Barlow’s father, Tom, said when they moved to Springboro, Ohio, from Dayton, Ohio, when Alex was 6, Alex was upset to find out the new house didn’t get ESPN News. That was his favorite channel.
“Most kids are watching cartoons,” Tom Barlow said. “He would watch ESPN News and “Sports Center” over and over. … It’s like ‘Alex, that’s the same show you’ve watched three times.’”
He would memorize statistics about players and teams. He became somewhat of a novelty act, Tom said, for his dad’s friends and brothers.

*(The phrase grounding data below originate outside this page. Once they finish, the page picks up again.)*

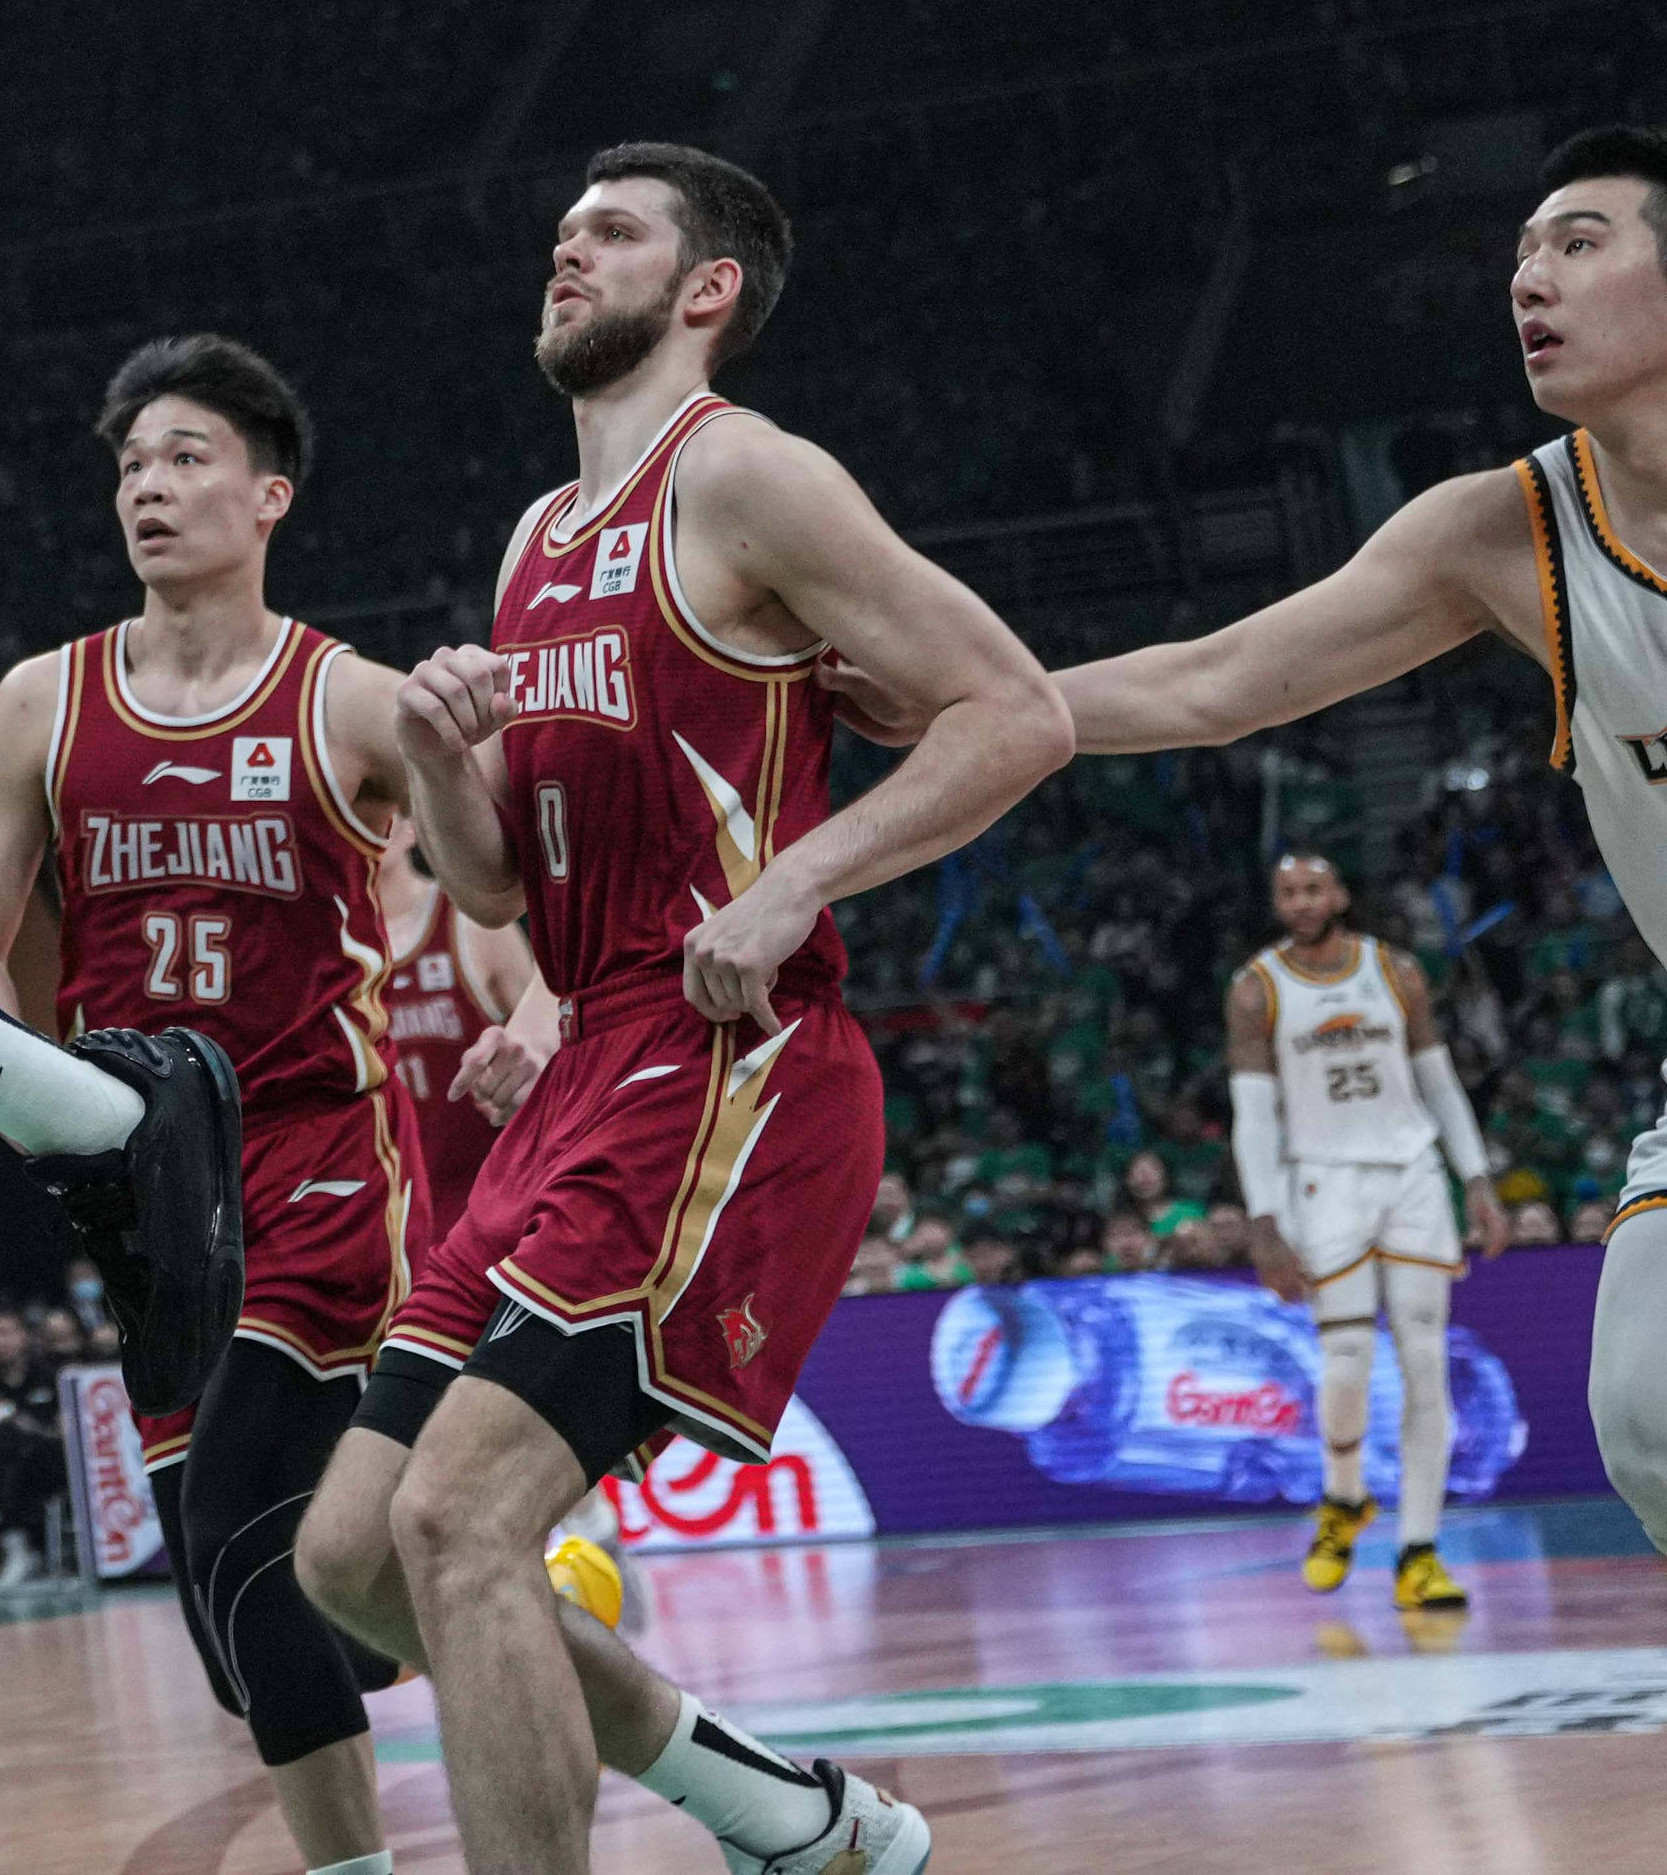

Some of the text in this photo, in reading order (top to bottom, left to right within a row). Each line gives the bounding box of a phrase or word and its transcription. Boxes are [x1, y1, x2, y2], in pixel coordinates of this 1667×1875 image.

[602, 580, 622, 594] CGB
[506, 633, 630, 722] EJIANG
[247, 787, 273, 799] CGB
[536, 781, 569, 881] 0
[85, 815, 298, 895] ZHEJIANG
[144, 913, 231, 1005] 25
[1326, 1061, 1383, 1104] 25

“They’d come over and ask him sports questions or stats or situational things, and they’d get him all fired up and he would just go and go,” Barlow said. “Then they would get to go home. What they didn’t realize is I would still have to sit there and listen to, ‘Hey, Dad, what about this play, do you think this would work? Or what about this trade, you think this trade would work?’ He would wear me out.”

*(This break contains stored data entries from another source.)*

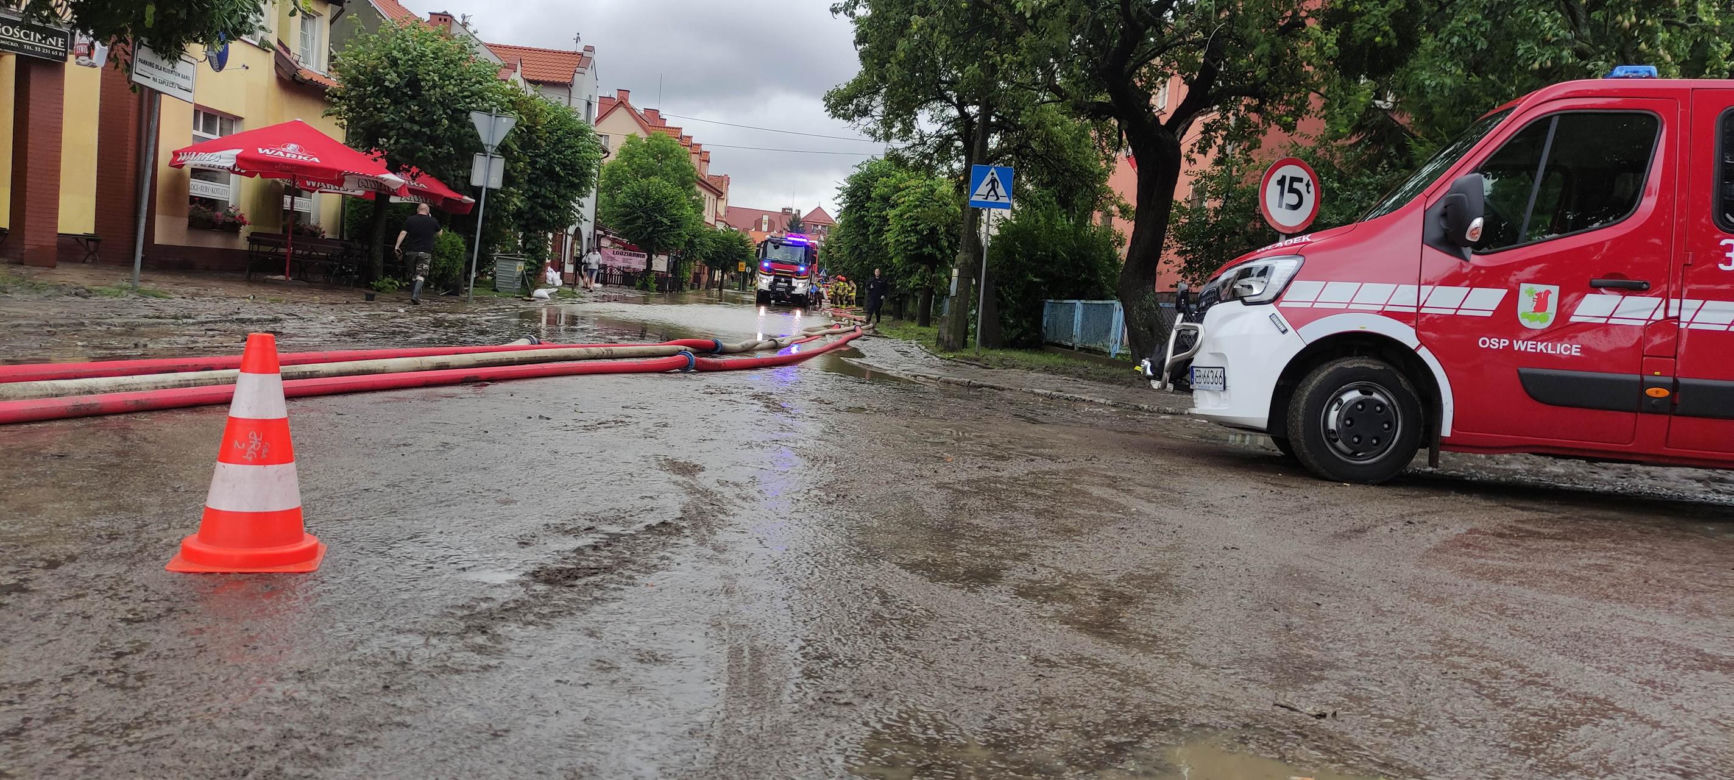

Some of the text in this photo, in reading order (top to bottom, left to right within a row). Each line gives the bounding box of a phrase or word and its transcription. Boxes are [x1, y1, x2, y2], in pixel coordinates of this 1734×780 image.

[0, 24, 65, 48] OŚCINNE
[257, 147, 321, 163] WARKA
[1478, 336, 1582, 356] OSP WEKLICE
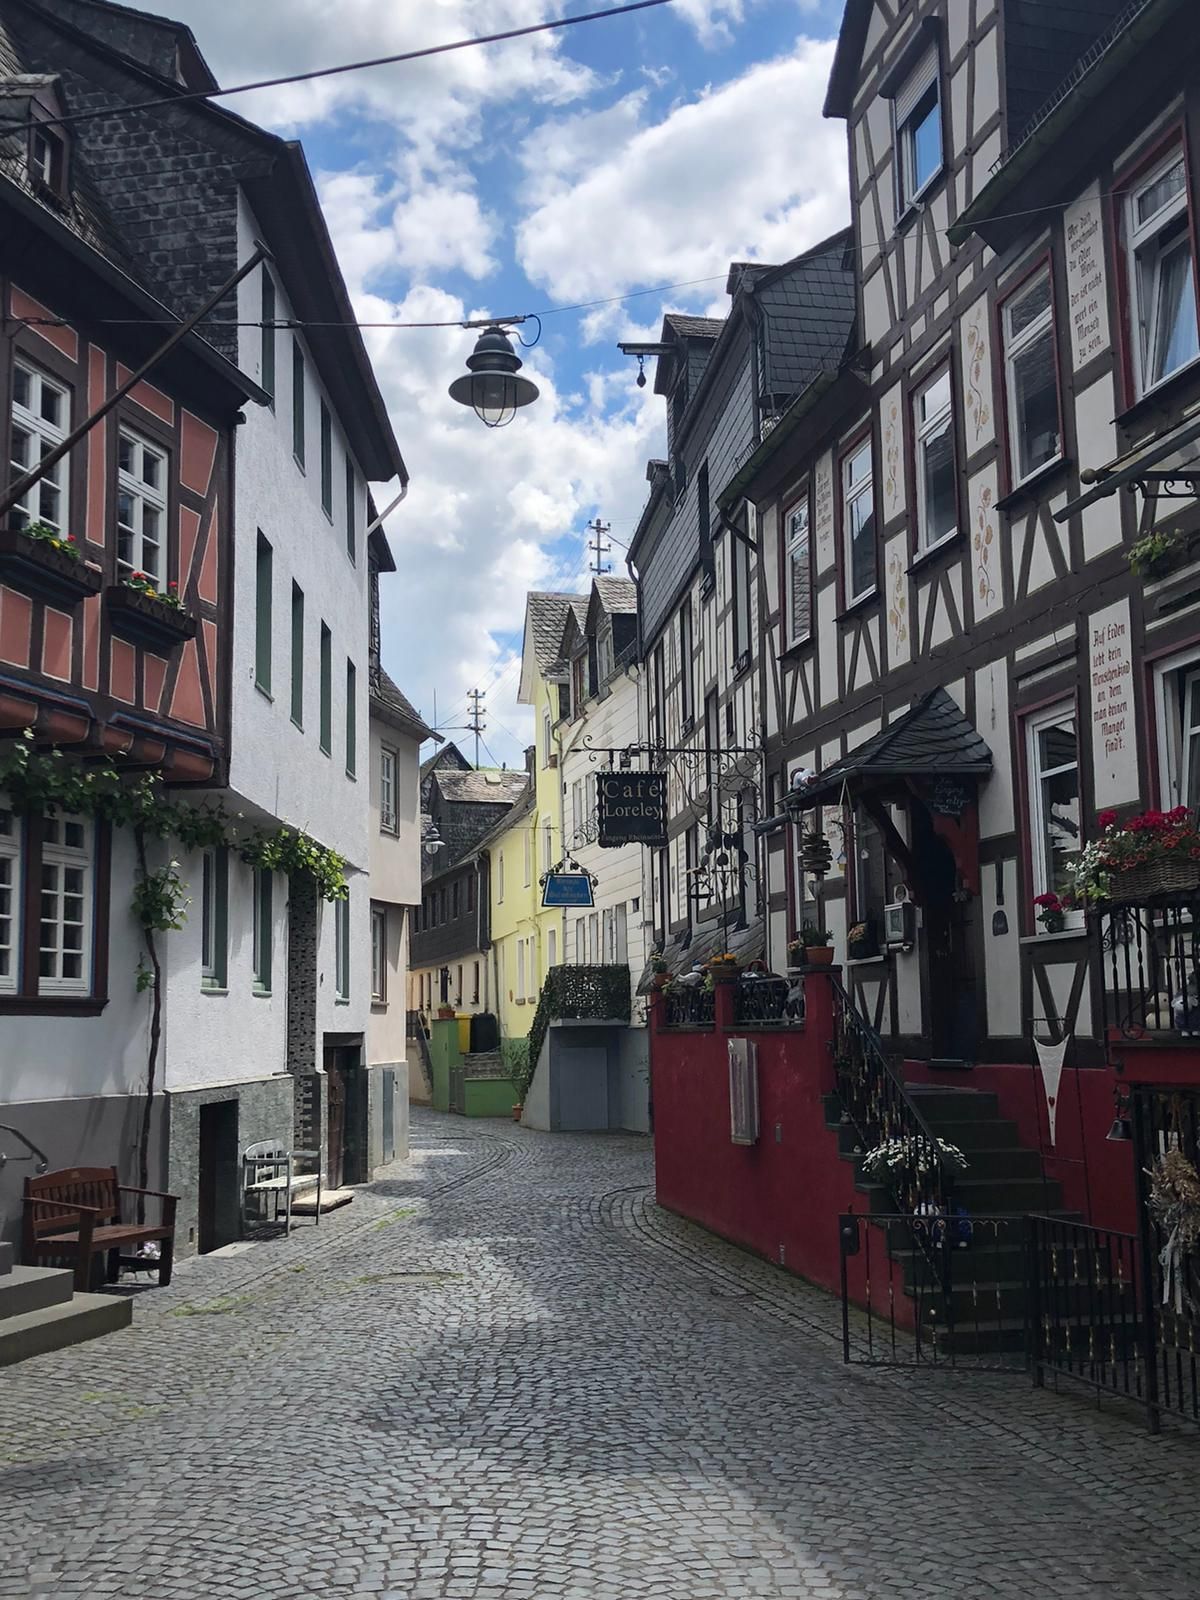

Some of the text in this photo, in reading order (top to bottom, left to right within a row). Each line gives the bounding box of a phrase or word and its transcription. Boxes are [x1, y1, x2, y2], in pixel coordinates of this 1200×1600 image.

[1070, 271, 1102, 307] der ist nicht
[1088, 298, 1098, 314] ein
[1077, 316, 1099, 342] Mensch
[1079, 347, 1087, 364] zu
[1093, 623, 1125, 647] Auf Erden
[1093, 645, 1122, 668] lebt kein
[1097, 685, 1122, 703] an dem
[1093, 701, 1127, 722] man keinen
[1101, 717, 1125, 736] Mangel
[604, 779, 660, 799] Café
[604, 801, 663, 820] Loreley

The difference between Barlow as a kid and Stevens, the coach said, is Stevens, who grew up in Zionsville, Ind., dreamt of being the next Reggie Miller. Barlow knew from a young age he wanted to coach.

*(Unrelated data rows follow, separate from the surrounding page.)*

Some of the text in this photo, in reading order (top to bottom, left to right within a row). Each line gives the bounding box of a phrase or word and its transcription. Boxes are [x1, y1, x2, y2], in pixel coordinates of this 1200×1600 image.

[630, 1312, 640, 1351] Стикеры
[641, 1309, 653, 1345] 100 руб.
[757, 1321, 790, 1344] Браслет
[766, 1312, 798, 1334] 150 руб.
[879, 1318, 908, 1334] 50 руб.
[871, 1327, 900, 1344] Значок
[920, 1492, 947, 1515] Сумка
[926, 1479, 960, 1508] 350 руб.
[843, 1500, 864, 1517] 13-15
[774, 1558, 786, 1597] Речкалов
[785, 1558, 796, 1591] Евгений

“I’m not the most athletic kid,” Alex Barlow said. “I’m not the quickest kid. I just knew I wasn’t going to be 6-8. Don’t get me wrong, I love competing. I (just) knew that once I was done playing, the only option for me to stay in touch with the game was to go into coaching.”
Barlow’s father, a food-service rep for Pepsi, had always wanted to be a football coach, but didn’t pursue it. He instilled in his son an ethic to chase after coaching, if that was his dream.
“When I was a teenager, coaches didn’t make the same kind of money either at the high school level or beyond, so I don’t think a lot of people got encouraged to follow that path back then,” Tom Barlow said. “I could see the same (passion) in Alex. I just told him ‘Don’t be a doctor because people tell you you’re smart and you should do that.’”
Alex had a 4.0 GPA as a high school student and had the self-discipline that would make any coach proud. His father said that like clockwork, without needing encouragement from his parents, Tom and Tammy, Alex would come home and do his schoolwork so he could watch North Carolina basketball on TV or go to a Dayton game, where they had season tickets.
When it came time to find a college where he might walk on, his father said Alex researched it on his own and came up with Butler, a system that suited him, a good school with a history of playing walk-ons and a great young coach.
Now Alex is one of several teammates interested in coaching, which Stevens takes as a compliment.
“It’s fun to coach guys that want to coach because when you’re talking to them, they look different than some of the other guys,” Stevens said. “They’re not only ingesting what you’re saying in that moment; there are probably some thoughts going through their head about what they can take with them good and bad and use in the future.”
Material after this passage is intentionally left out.